▸ INSTRUCTIONS FOR THE TASK:
Would you transcribe word for word every line from the one containing "Some of the text" to the end of the data, both ends included, and leave out the rest?

AVAILABLE DATA START

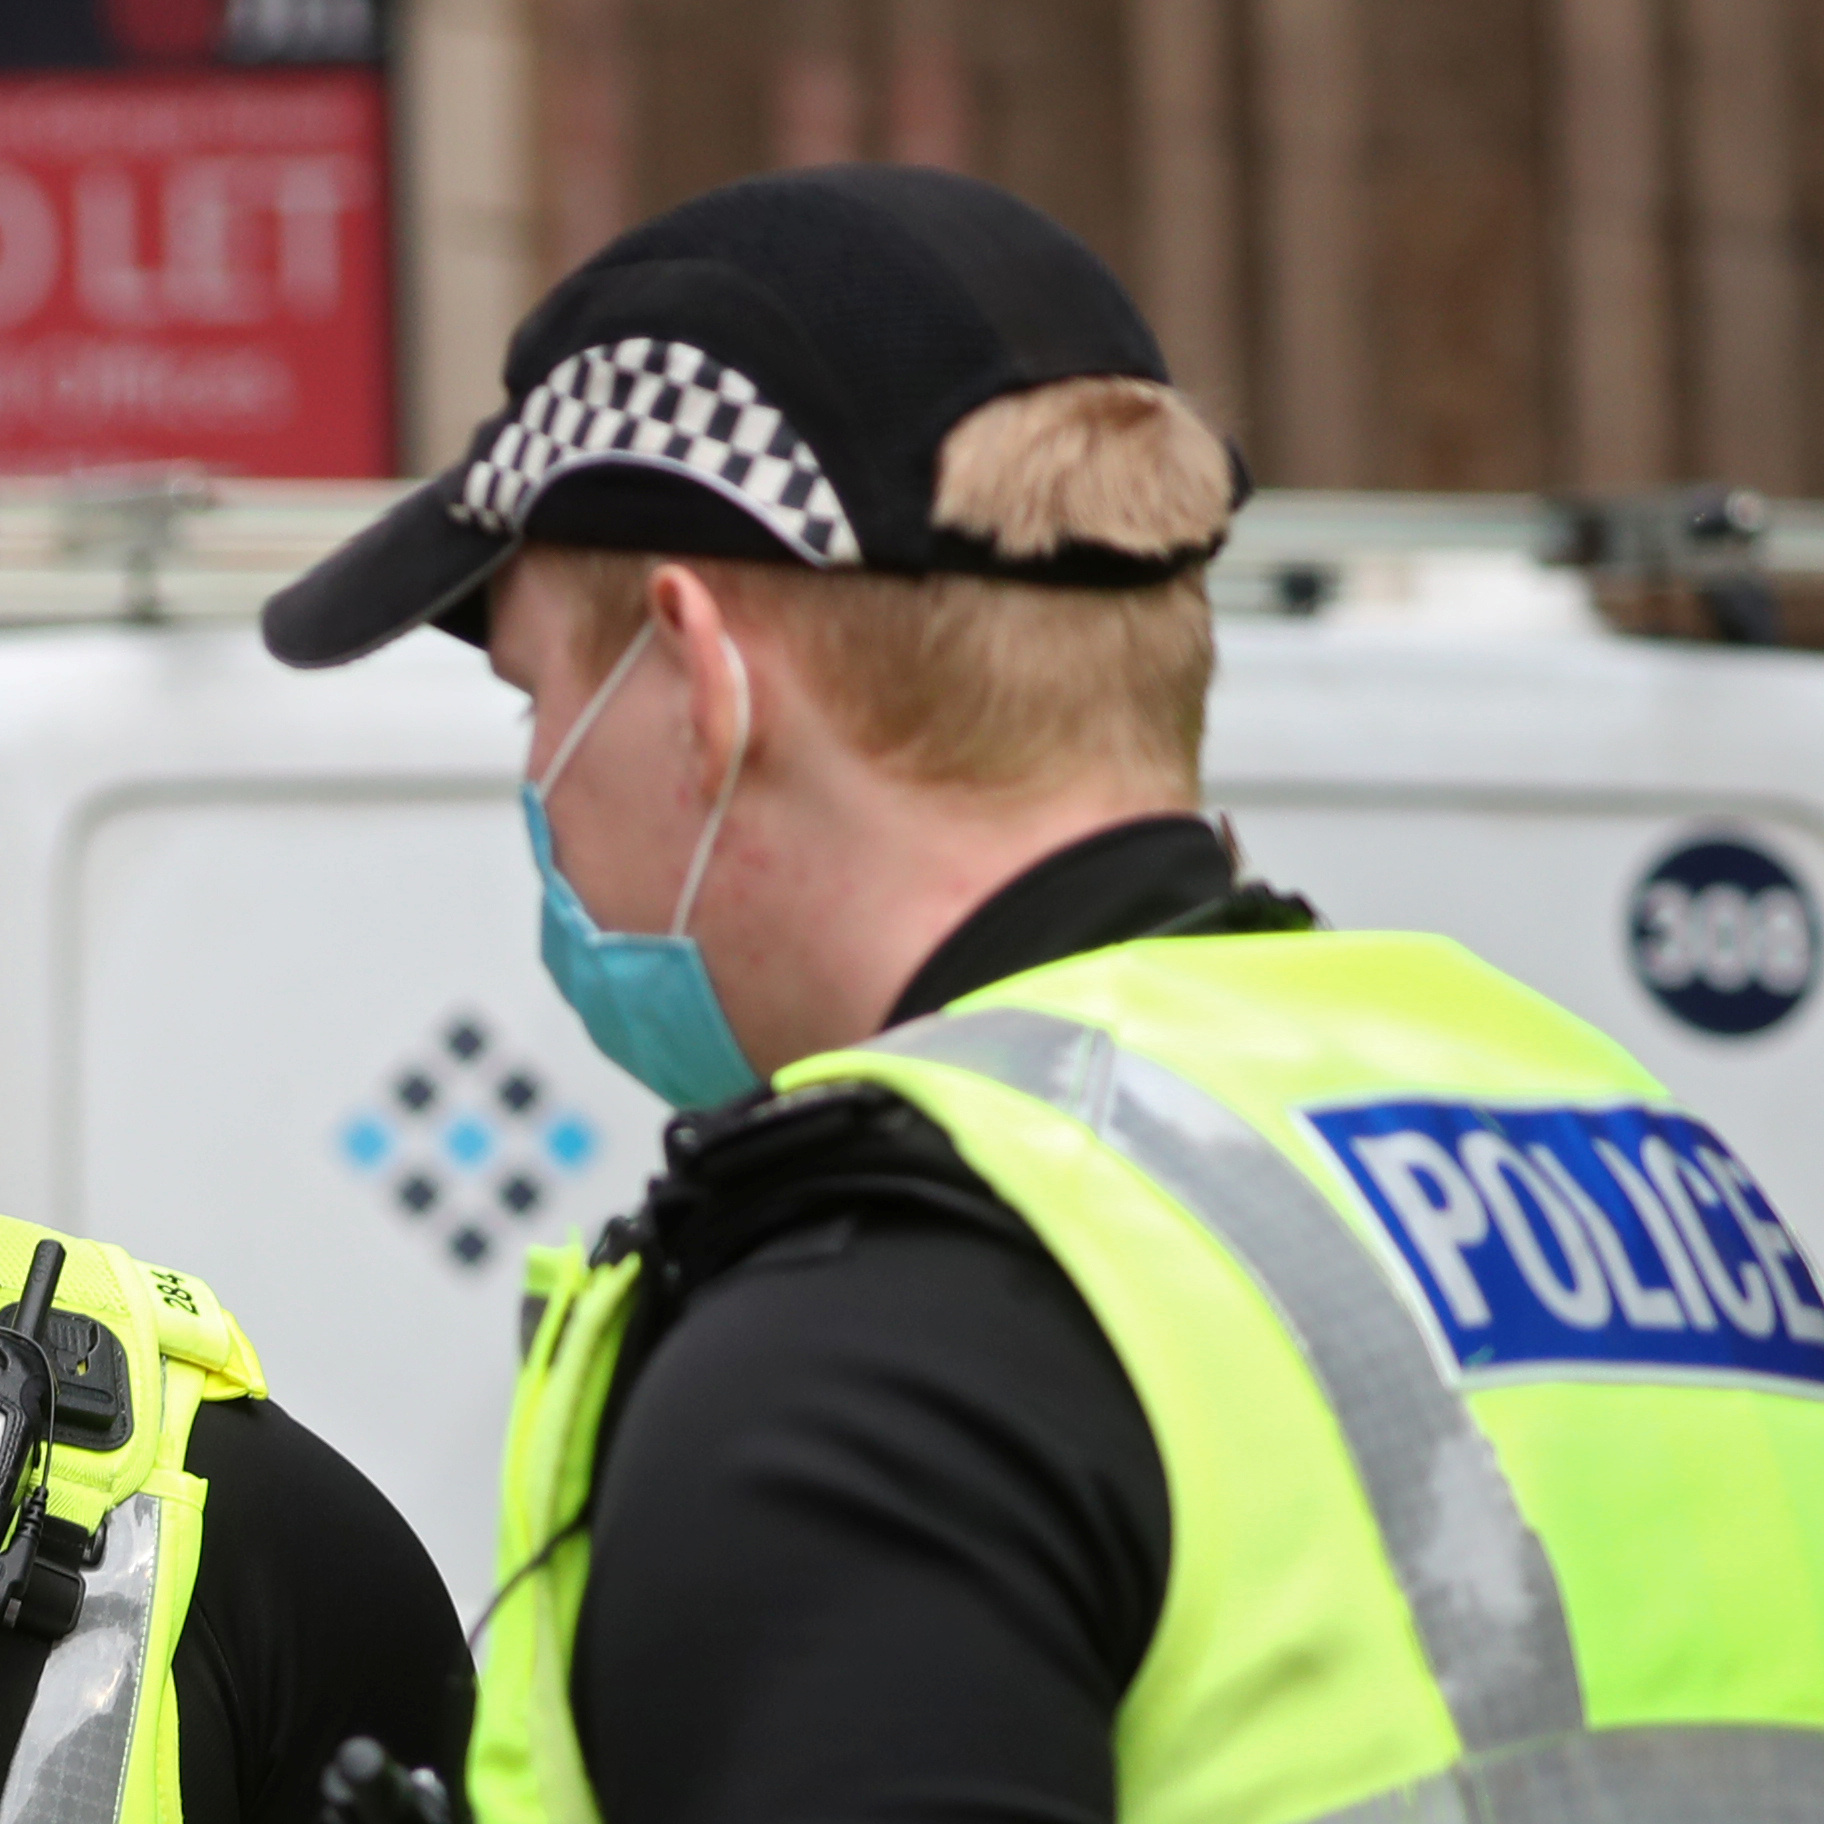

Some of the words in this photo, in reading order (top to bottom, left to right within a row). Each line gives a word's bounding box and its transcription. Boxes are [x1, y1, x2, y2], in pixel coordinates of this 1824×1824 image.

[72, 152, 382, 328] LET
[150, 1269, 200, 1316] 284
[1352, 1129, 1824, 1344] POLICE
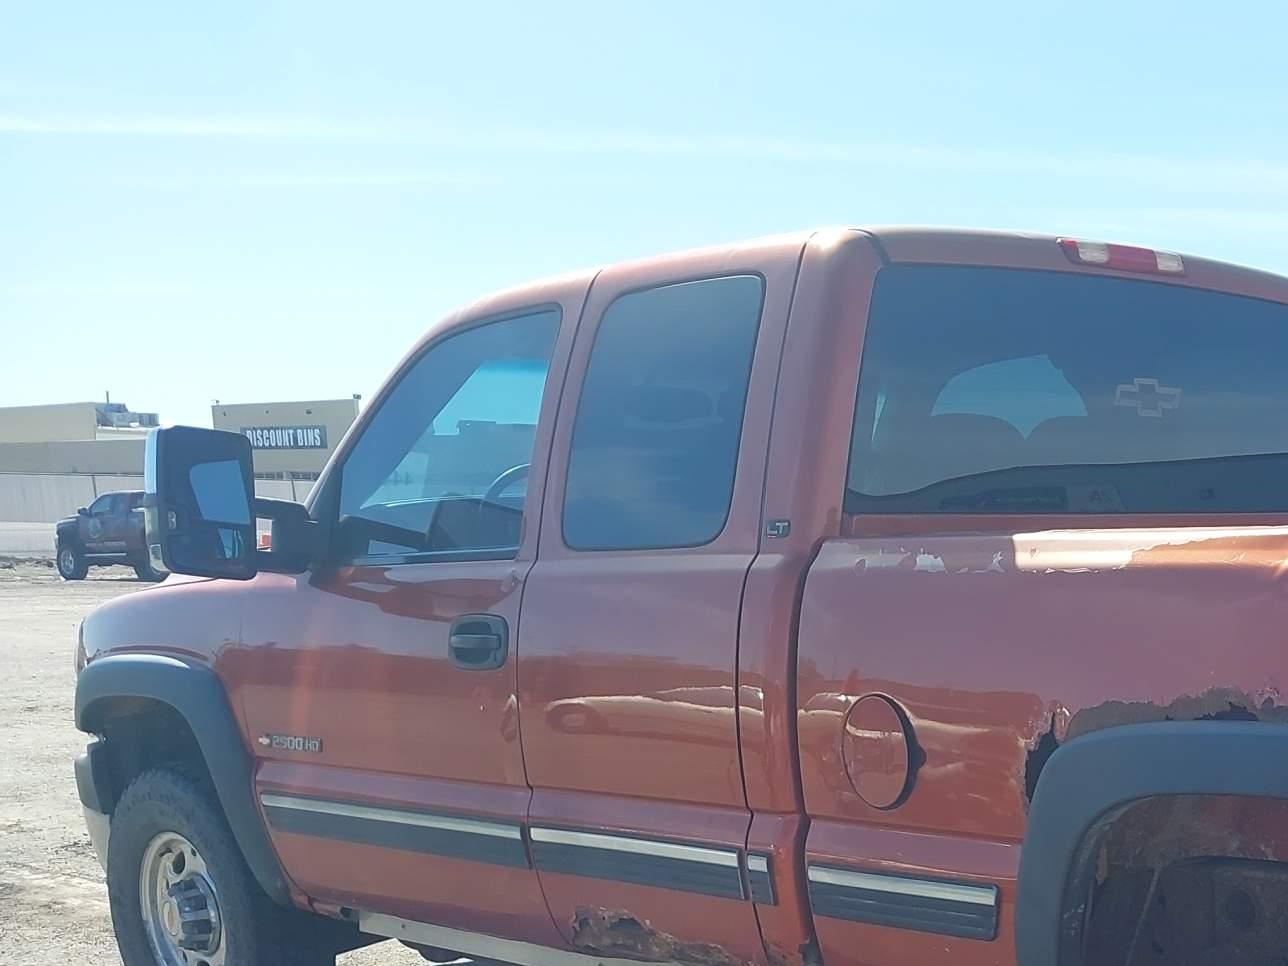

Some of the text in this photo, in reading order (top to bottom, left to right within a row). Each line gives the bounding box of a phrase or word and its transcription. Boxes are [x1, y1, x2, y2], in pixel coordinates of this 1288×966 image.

[297, 428, 321, 447] BINS
[767, 522, 789, 535] LT
[272, 736, 319, 751] 2500 HD

AVAILABLE DATA END

▸ YOUR SOLUTION:
Some of the text in this photo, in reading order (top to bottom, left to right within a row). Each line gives the bounding box of a phrase or word and its transcription. Boxes are [x1, y1, x2, y2], in pixel coordinates of this 1288×966 image.

[297, 428, 321, 447] BINS
[767, 522, 789, 535] LT
[272, 736, 319, 751] 2500 HD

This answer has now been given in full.